> **ACTION ITEM**
Return the entries below word for word. No picture belongs in the copy.

[Opening WORKING DATA section]

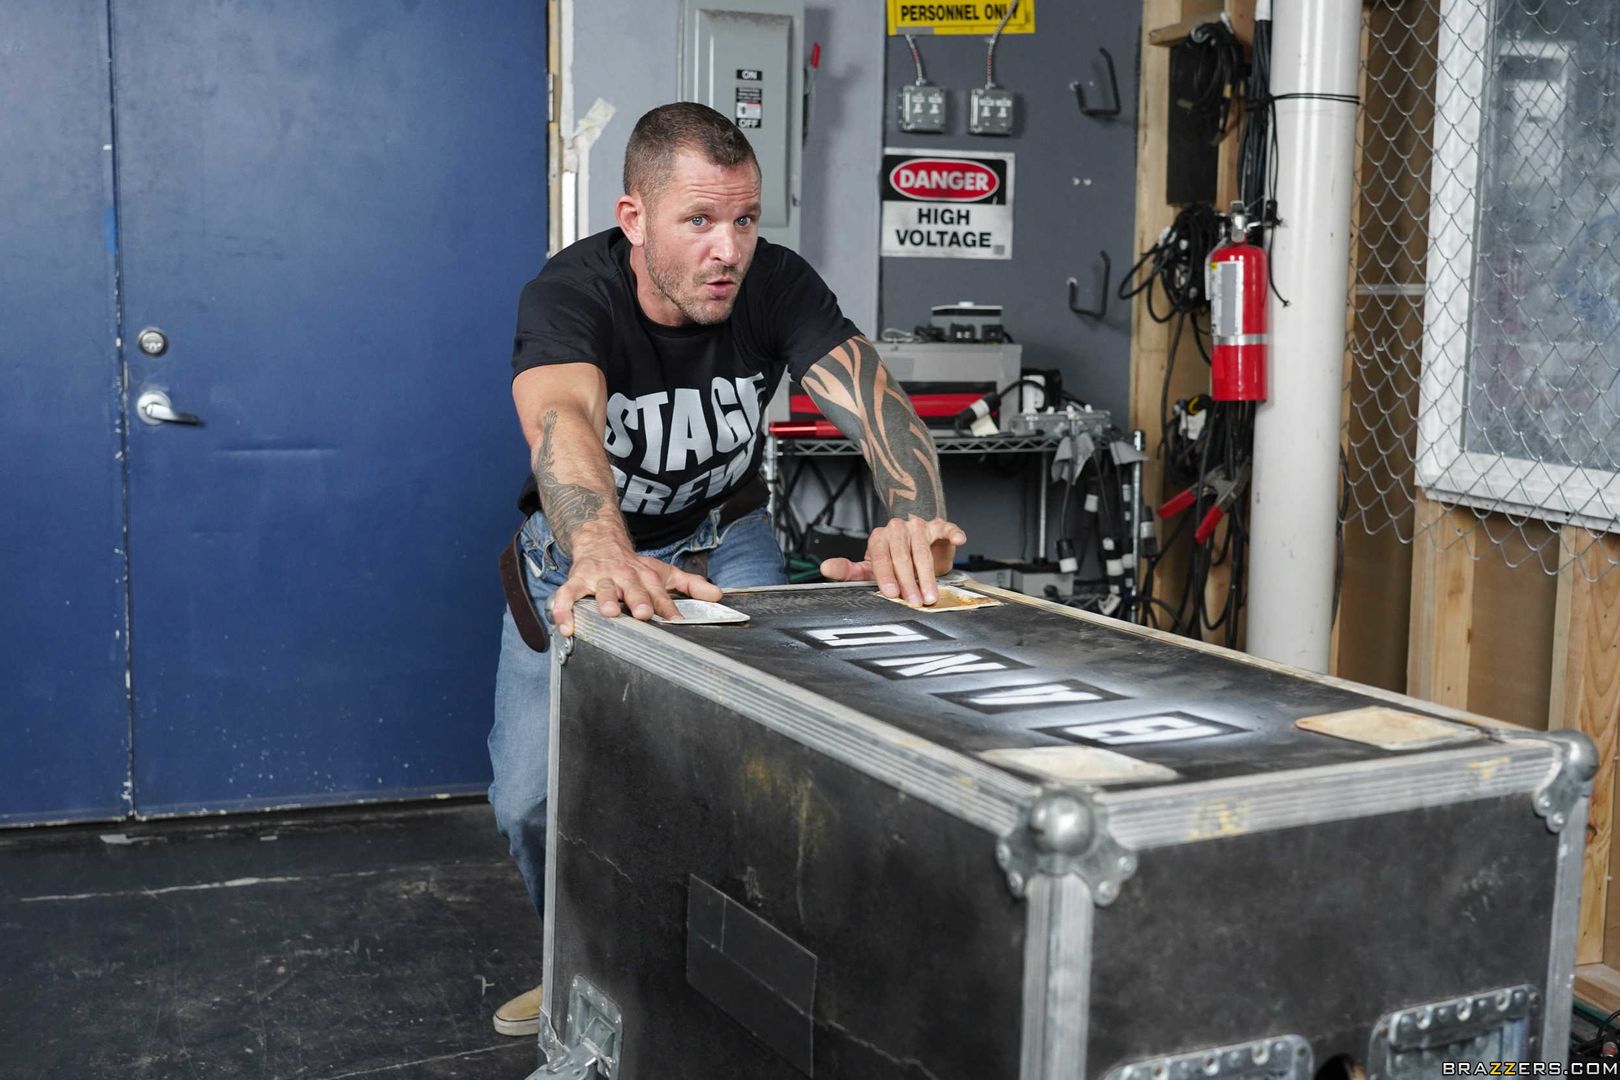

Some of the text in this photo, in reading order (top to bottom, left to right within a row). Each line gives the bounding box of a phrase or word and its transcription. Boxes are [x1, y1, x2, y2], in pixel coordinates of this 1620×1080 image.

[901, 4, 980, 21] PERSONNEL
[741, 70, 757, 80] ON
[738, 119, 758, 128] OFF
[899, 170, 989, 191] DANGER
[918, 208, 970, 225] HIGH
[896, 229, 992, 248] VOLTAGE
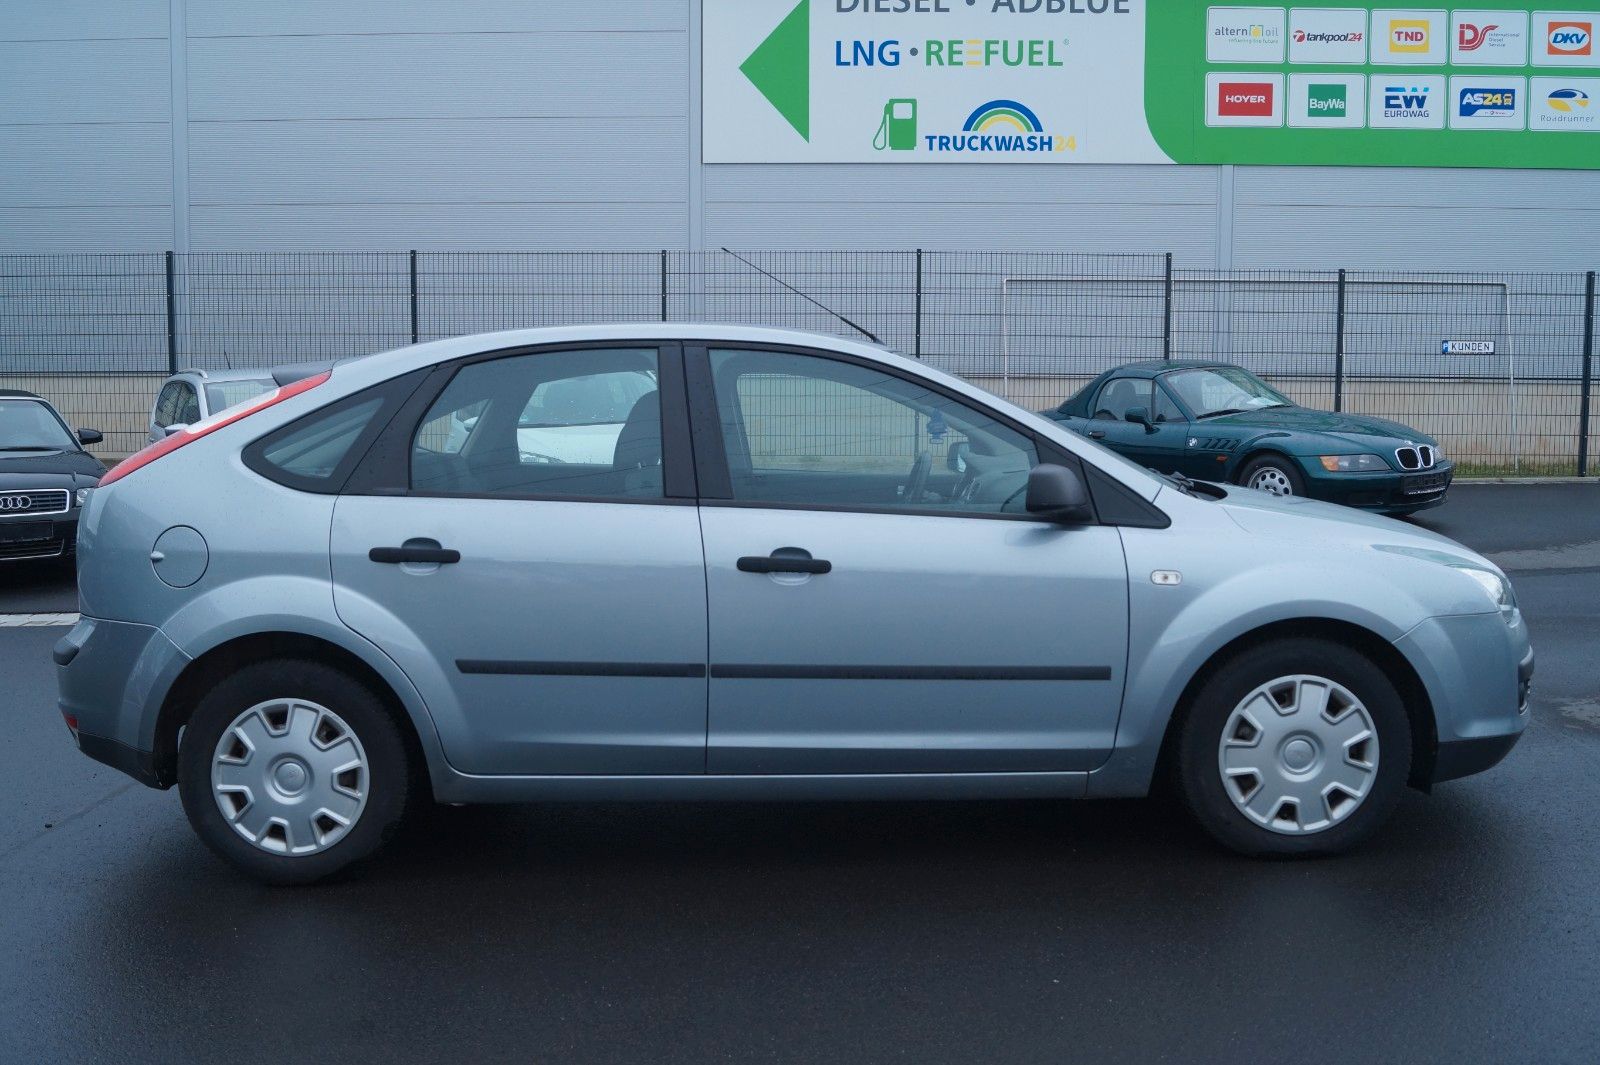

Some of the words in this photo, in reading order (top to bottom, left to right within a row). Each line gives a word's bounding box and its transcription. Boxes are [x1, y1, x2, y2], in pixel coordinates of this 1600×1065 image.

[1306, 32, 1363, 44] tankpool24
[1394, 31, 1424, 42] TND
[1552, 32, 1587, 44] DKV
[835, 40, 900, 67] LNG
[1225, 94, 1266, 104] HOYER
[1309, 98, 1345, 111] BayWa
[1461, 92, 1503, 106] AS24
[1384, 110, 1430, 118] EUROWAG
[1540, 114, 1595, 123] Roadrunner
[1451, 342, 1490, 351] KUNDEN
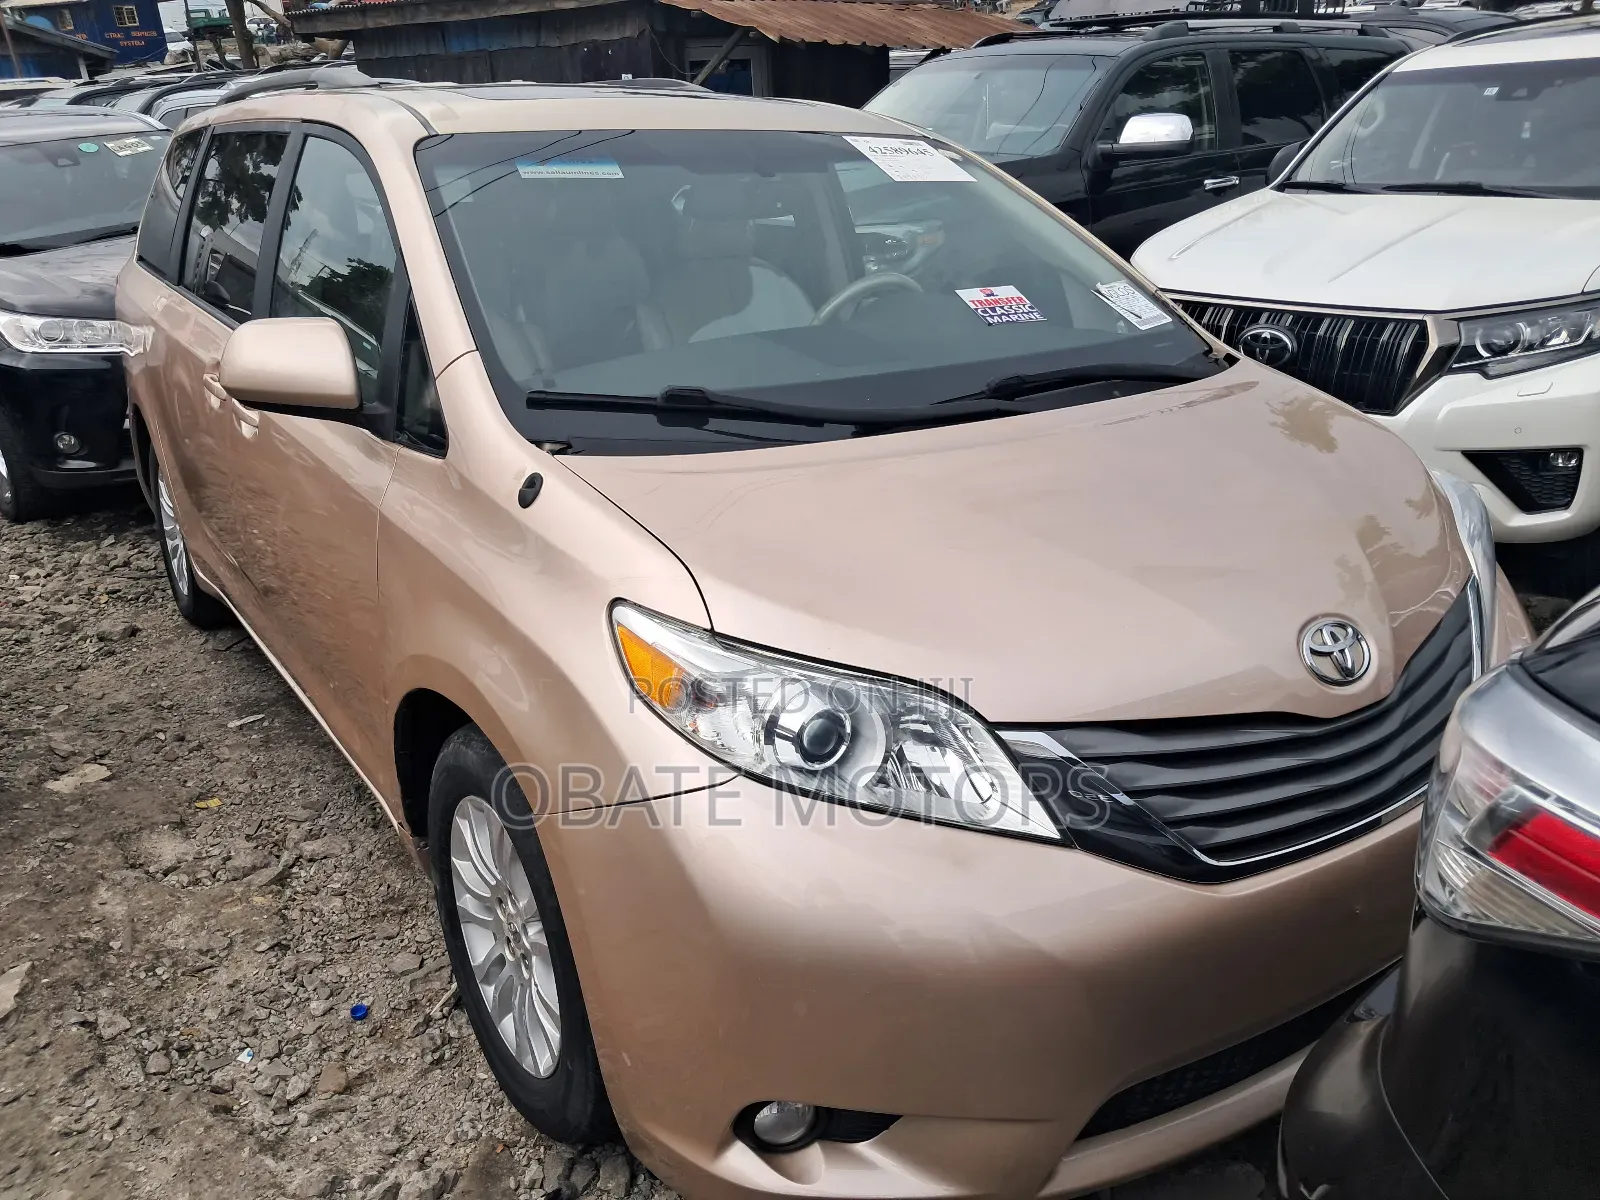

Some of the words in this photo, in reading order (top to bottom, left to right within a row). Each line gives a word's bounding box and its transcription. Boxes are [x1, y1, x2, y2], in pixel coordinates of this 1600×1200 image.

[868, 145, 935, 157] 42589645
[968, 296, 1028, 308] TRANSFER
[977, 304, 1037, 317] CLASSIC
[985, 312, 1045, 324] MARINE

[Closing WORKING DATA section]

> **ANSWER SPACE**
Some of the text in this photo, in reading order (top to bottom, left to right within a row). Each line gives the bounding box of a phrase or word and its transcription. Boxes are [x1, y1, x2, y2], in pixel coordinates of this 1620×1080 image.

[901, 4, 980, 21] PERSONNEL
[741, 70, 757, 80] ON
[738, 119, 758, 128] OFF
[899, 170, 989, 191] DANGER
[918, 208, 970, 225] HIGH
[896, 229, 992, 248] VOLTAGE

Some of the words in this photo, in reading order (top to bottom, left to right within a row). Each line gives a word's bounding box and its transcription. Boxes are [x1, y1, x2, y2], in pixel coordinates of this 1600×1065 image.

[1306, 32, 1363, 44] tankpool24
[1394, 31, 1424, 42] TND
[1552, 32, 1587, 44] DKV
[835, 40, 900, 67] LNG
[1225, 94, 1266, 104] HOYER
[1309, 98, 1345, 111] BayWa
[1461, 92, 1503, 106] AS24
[1384, 110, 1430, 118] EUROWAG
[1540, 114, 1595, 123] Roadrunner
[1451, 342, 1490, 351] KUNDEN

Some of the words in this photo, in reading order (top to bottom, left to right within a row). Each line gives a word's bounding box and its transcription. Boxes are [x1, y1, x2, y2], in pixel coordinates of this 1600×1200 image.

[868, 145, 935, 157] 42589645
[968, 296, 1028, 308] TRANSFER
[977, 304, 1037, 317] CLASSIC
[985, 312, 1045, 324] MARINE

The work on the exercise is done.